Methane conversion has received renewed interest due to the rapid growth in production of shale gas. Methane combustion for power generation and transportation is one of the alternatives for methane utilization. However, complete conversion of methane is critical to minimize negative environmental effects from unburned methane, whose noxious effect is 25 times greater than that of CO₂. Although perovskite catalysts have high thermal stability, their low activities for methane combustion prevent them from being utilized on a commercial basis.
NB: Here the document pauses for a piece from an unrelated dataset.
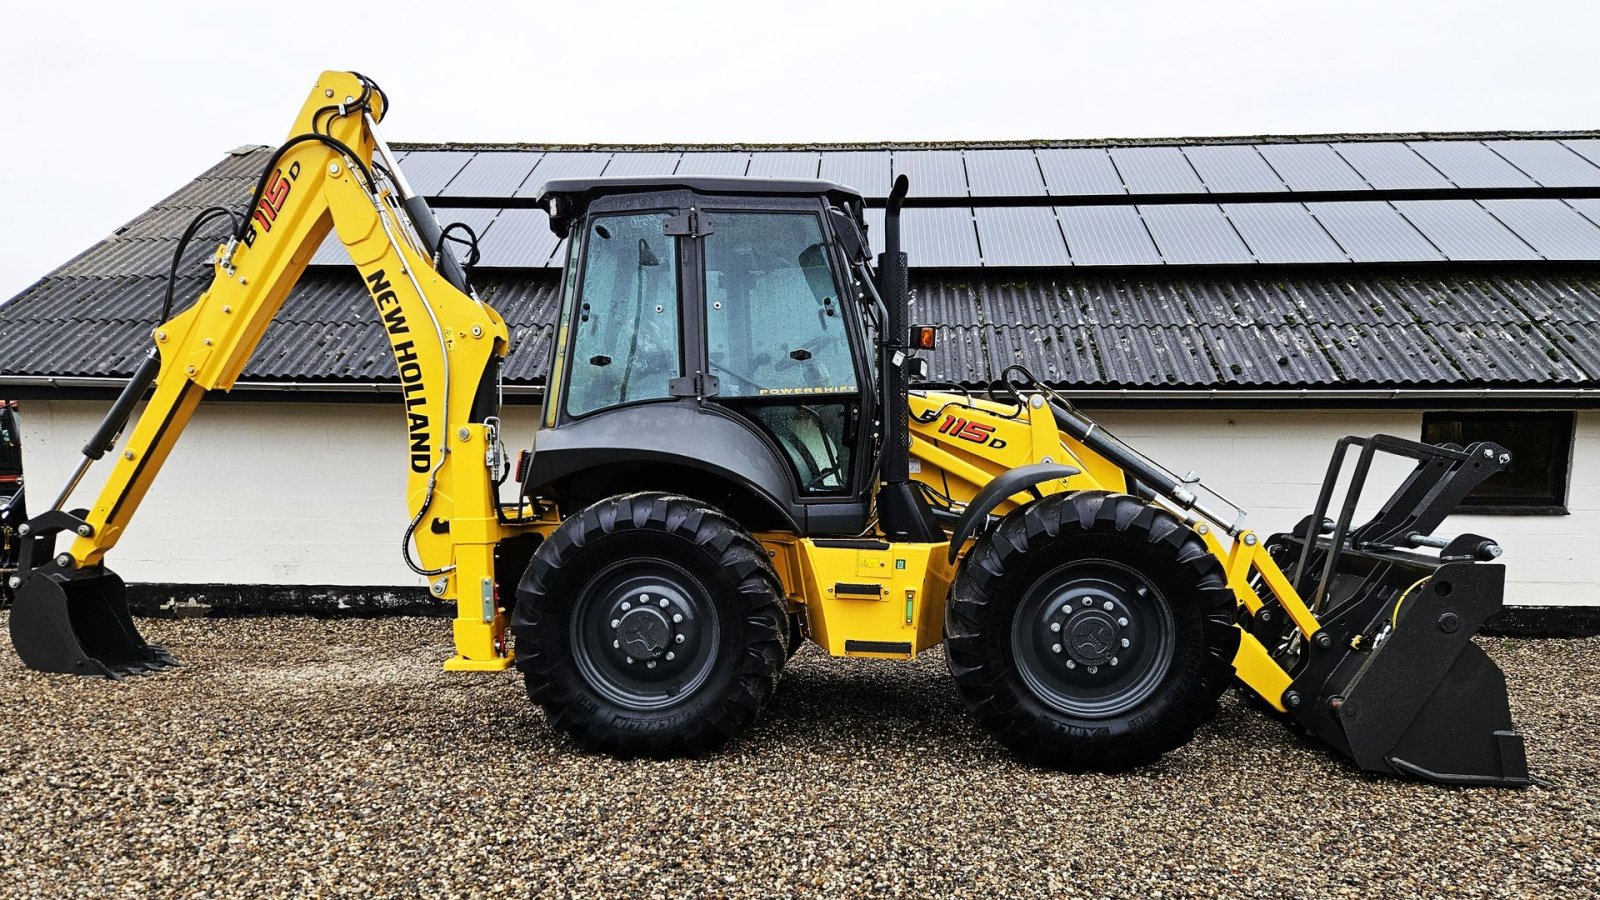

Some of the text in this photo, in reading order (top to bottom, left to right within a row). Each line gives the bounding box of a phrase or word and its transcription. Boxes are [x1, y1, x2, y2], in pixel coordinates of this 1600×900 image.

[366, 268, 410, 335] NEW
[392, 340, 432, 474] HOLLAND
[760, 385, 859, 395] POWERSHIFT
In this work, we show the impact from reconstruction of surface and subsurface monolayers of perovskite catalysts on methane combustion, using SrTiO₃ (STO) as a model perovskite. Several STO samples obtained through different synthetic methods and subjected to different postsynthetic treatments were tested for methane combustion. Through top surface characterization, kinetic experiments (including isotope labeling experiments) and density functional theory calculations, it is shown that both surface segregation of Sr and creation of step surfaces of STO can impact the rate of methane combustion over an order of magnitude. This work highlights the role of surface reconstruction in tuning perovskite catalysts for methane activation.

中文翻译：

---

了解钙钛矿催化剂表面重构对CH ₄活化和燃烧的影响

由于页岩气产量的快速增长，甲烷转化受到了新的关注。用于发电和运输的甲烷燃烧是甲烷利用的替代方法之一。但是，甲烷的完全转化对于最大程度地减少未燃烧甲烷的负面环境影响至关重要，因为未燃烧甲烷的有害作用是CO _2的25倍。尽管钙钛矿催化剂具有高的热稳定性，但是它们对甲烷燃烧的低活性阻碍了它们在商业上的利用。在这项工作中，我们显示了使用SrTiO ₃重建钙钛矿催化剂表面和亚表面单层对甲烷燃烧的影响。（STO）作为钙钛矿的典范。测试了通过不同合成方法获得的，经过不同后合成处理的几个STO样品的甲烷燃烧。通过顶面表征，动力学实验（包括同位素标记实验）和密度泛函理论计算，结果表明，Sr的表面偏析和STO的台阶面的产生都可以在一个数量级上影响甲烷的燃烧速率。这项工作强调了表面重建在调整钙钛矿催化剂活化甲烷中的作用。